Only an exact copy of the listing below will do.

------ Information

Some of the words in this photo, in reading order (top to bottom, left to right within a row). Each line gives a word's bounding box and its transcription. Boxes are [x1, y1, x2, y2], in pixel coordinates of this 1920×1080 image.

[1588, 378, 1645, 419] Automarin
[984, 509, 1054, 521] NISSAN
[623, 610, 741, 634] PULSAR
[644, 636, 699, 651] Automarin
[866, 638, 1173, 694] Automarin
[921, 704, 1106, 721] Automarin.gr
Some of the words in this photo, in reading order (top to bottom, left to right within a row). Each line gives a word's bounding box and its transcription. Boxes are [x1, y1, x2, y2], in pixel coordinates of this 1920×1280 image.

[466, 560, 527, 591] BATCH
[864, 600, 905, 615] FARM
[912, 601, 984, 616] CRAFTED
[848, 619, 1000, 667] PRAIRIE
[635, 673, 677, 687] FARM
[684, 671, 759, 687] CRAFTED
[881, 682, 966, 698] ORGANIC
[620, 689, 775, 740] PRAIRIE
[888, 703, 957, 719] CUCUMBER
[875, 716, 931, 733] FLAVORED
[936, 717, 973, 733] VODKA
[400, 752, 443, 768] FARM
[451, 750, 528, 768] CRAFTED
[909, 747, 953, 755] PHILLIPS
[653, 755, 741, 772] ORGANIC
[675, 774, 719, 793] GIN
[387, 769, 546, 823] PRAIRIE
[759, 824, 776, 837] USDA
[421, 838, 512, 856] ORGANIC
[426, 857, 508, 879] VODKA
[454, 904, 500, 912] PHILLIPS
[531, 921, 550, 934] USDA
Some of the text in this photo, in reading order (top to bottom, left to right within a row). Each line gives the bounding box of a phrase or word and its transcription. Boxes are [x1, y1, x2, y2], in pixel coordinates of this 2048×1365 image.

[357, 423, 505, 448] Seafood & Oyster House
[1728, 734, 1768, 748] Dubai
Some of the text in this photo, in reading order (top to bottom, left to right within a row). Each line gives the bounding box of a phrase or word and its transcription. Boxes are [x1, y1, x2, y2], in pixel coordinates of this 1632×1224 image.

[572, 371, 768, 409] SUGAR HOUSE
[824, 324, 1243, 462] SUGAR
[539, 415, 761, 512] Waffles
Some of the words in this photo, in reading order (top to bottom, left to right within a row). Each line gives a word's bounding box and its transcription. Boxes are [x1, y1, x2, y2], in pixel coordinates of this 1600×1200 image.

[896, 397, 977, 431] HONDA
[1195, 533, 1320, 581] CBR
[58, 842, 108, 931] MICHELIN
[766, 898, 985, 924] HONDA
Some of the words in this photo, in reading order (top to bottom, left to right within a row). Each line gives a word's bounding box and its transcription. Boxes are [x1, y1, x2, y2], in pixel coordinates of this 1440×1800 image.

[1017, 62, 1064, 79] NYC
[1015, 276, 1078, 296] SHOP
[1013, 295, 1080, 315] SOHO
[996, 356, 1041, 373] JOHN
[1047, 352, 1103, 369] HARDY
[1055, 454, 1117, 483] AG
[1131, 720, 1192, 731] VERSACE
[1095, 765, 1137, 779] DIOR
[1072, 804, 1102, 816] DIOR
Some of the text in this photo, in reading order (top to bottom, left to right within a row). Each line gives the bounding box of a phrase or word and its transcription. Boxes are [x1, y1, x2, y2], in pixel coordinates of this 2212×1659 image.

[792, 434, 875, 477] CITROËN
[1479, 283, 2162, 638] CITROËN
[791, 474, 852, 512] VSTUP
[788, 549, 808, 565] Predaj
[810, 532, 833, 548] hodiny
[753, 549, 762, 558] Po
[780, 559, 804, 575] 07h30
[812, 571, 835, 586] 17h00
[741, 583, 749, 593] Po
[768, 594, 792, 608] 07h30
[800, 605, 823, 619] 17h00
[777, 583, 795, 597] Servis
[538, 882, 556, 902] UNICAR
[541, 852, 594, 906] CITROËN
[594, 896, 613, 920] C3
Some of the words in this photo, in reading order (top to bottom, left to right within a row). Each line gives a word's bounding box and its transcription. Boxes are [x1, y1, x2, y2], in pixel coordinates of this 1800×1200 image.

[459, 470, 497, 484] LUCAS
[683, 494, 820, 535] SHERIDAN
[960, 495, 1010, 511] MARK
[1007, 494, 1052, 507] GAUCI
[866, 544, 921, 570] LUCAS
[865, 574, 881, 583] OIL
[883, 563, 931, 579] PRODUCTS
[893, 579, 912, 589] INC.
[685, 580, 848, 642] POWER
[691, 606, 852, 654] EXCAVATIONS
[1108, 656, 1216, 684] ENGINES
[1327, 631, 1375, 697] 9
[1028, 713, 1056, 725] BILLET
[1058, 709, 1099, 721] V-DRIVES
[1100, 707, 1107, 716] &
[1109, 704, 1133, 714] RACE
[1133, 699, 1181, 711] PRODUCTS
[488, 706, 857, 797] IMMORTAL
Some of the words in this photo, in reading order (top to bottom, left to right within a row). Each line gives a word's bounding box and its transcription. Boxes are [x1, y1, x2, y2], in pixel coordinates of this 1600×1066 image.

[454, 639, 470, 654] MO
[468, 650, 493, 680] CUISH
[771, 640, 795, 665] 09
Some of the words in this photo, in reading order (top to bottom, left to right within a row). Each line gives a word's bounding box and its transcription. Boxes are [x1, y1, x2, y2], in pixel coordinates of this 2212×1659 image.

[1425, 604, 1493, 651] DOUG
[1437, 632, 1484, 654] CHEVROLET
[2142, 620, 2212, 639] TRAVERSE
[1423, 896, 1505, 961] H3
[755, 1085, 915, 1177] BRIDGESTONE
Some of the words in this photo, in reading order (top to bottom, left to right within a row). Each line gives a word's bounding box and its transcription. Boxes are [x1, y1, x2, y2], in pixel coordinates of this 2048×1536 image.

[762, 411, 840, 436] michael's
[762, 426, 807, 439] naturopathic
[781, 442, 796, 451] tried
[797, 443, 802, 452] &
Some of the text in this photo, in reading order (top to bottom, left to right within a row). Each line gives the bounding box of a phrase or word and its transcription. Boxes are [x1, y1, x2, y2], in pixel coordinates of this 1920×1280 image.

------------

> Answer box
Some of the words in this photo, in reading order (top to bottom, left to right within a row). Each line gives a word's bounding box and its transcription. Boxes are [x1, y1, x2, y2], in pixel coordinates of this 1920×1080 image.

[1588, 378, 1645, 419] Automarin
[984, 509, 1054, 521] NISSAN
[623, 610, 741, 634] PULSAR
[644, 636, 699, 651] Automarin
[866, 638, 1173, 694] Automarin
[921, 704, 1106, 721] Automarin.gr
Some of the words in this photo, in reading order (top to bottom, left to right within a row). Each line gives a word's bounding box and its transcription. Boxes are [x1, y1, x2, y2], in pixel coordinates of this 1920×1280 image.

[466, 560, 527, 591] BATCH
[864, 600, 905, 615] FARM
[912, 601, 984, 616] CRAFTED
[848, 619, 1000, 667] PRAIRIE
[635, 673, 677, 687] FARM
[684, 671, 759, 687] CRAFTED
[881, 682, 966, 698] ORGANIC
[620, 689, 775, 740] PRAIRIE
[888, 703, 957, 719] CUCUMBER
[875, 716, 931, 733] FLAVORED
[936, 717, 973, 733] VODKA
[400, 752, 443, 768] FARM
[451, 750, 528, 768] CRAFTED
[909, 747, 953, 755] PHILLIPS
[653, 755, 741, 772] ORGANIC
[675, 774, 719, 793] GIN
[387, 769, 546, 823] PRAIRIE
[759, 824, 776, 837] USDA
[421, 838, 512, 856] ORGANIC
[426, 857, 508, 879] VODKA
[454, 904, 500, 912] PHILLIPS
[531, 921, 550, 934] USDA
Some of the text in this photo, in reading order (top to bottom, left to right within a row). Each line gives the bounding box of a phrase or word and its transcription. Boxes are [x1, y1, x2, y2], in pixel coordinates of this 2048×1365 image.

[357, 423, 505, 448] Seafood & Oyster House
[1728, 734, 1768, 748] Dubai
Some of the text in this photo, in reading order (top to bottom, left to right within a row). Each line gives the bounding box of a phrase or word and its transcription. Boxes are [x1, y1, x2, y2], in pixel coordinates of this 1632×1224 image.

[572, 371, 768, 409] SUGAR HOUSE
[824, 324, 1243, 462] SUGAR
[539, 415, 761, 512] Waffles
Some of the words in this photo, in reading order (top to bottom, left to right within a row). Each line gives a word's bounding box and its transcription. Boxes are [x1, y1, x2, y2], in pixel coordinates of this 1600×1200 image.

[896, 397, 977, 431] HONDA
[1195, 533, 1320, 581] CBR
[58, 842, 108, 931] MICHELIN
[766, 898, 985, 924] HONDA
Some of the words in this photo, in reading order (top to bottom, left to right within a row). Each line gives a word's bounding box and its transcription. Boxes are [x1, y1, x2, y2], in pixel coordinates of this 1440×1800 image.

[1017, 62, 1064, 79] NYC
[1015, 276, 1078, 296] SHOP
[1013, 295, 1080, 315] SOHO
[996, 356, 1041, 373] JOHN
[1047, 352, 1103, 369] HARDY
[1055, 454, 1117, 483] AG
[1131, 720, 1192, 731] VERSACE
[1095, 765, 1137, 779] DIOR
[1072, 804, 1102, 816] DIOR
Some of the text in this photo, in reading order (top to bottom, left to right within a row). Each line gives the bounding box of a phrase or word and its transcription. Boxes are [x1, y1, x2, y2], in pixel coordinates of this 2212×1659 image.

[792, 434, 875, 477] CITROËN
[1479, 283, 2162, 638] CITROËN
[791, 474, 852, 512] VSTUP
[788, 549, 808, 565] Predaj
[810, 532, 833, 548] hodiny
[753, 549, 762, 558] Po
[780, 559, 804, 575] 07h30
[812, 571, 835, 586] 17h00
[741, 583, 749, 593] Po
[768, 594, 792, 608] 07h30
[800, 605, 823, 619] 17h00
[777, 583, 795, 597] Servis
[538, 882, 556, 902] UNICAR
[541, 852, 594, 906] CITROËN
[594, 896, 613, 920] C3
Some of the words in this photo, in reading order (top to bottom, left to right within a row). Each line gives a word's bounding box and its transcription. Boxes are [x1, y1, x2, y2], in pixel coordinates of this 1800×1200 image.

[459, 470, 497, 484] LUCAS
[683, 494, 820, 535] SHERIDAN
[960, 495, 1010, 511] MARK
[1007, 494, 1052, 507] GAUCI
[866, 544, 921, 570] LUCAS
[865, 574, 881, 583] OIL
[883, 563, 931, 579] PRODUCTS
[893, 579, 912, 589] INC.
[685, 580, 848, 642] POWER
[691, 606, 852, 654] EXCAVATIONS
[1108, 656, 1216, 684] ENGINES
[1327, 631, 1375, 697] 9
[1028, 713, 1056, 725] BILLET
[1058, 709, 1099, 721] V-DRIVES
[1100, 707, 1107, 716] &
[1109, 704, 1133, 714] RACE
[1133, 699, 1181, 711] PRODUCTS
[488, 706, 857, 797] IMMORTAL
Some of the words in this photo, in reading order (top to bottom, left to right within a row). Each line gives a word's bounding box and its transcription. Boxes are [x1, y1, x2, y2], in pixel coordinates of this 1600×1066 image.

[454, 639, 470, 654] MO
[468, 650, 493, 680] CUISH
[771, 640, 795, 665] 09
Some of the words in this photo, in reading order (top to bottom, left to right within a row). Each line gives a word's bounding box and its transcription. Boxes are [x1, y1, x2, y2], in pixel coordinates of this 2212×1659 image.

[1425, 604, 1493, 651] DOUG
[1437, 632, 1484, 654] CHEVROLET
[2142, 620, 2212, 639] TRAVERSE
[1423, 896, 1505, 961] H3
[755, 1085, 915, 1177] BRIDGESTONE
Some of the words in this photo, in reading order (top to bottom, left to right within a row). Each line gives a word's bounding box and its transcription. Boxes are [x1, y1, x2, y2], in pixel coordinates of this 2048×1536 image.

[762, 411, 840, 436] michael's
[762, 426, 807, 439] naturopathic
[781, 442, 796, 451] tried
[797, 443, 802, 452] &
Some of the text in this photo, in reading order (top to bottom, left to right within a row). Each line gives the bounding box of a phrase or word and its transcription. Boxes are [x1, y1, x2, y2], in pixel coordinates of this 1920×1280 image.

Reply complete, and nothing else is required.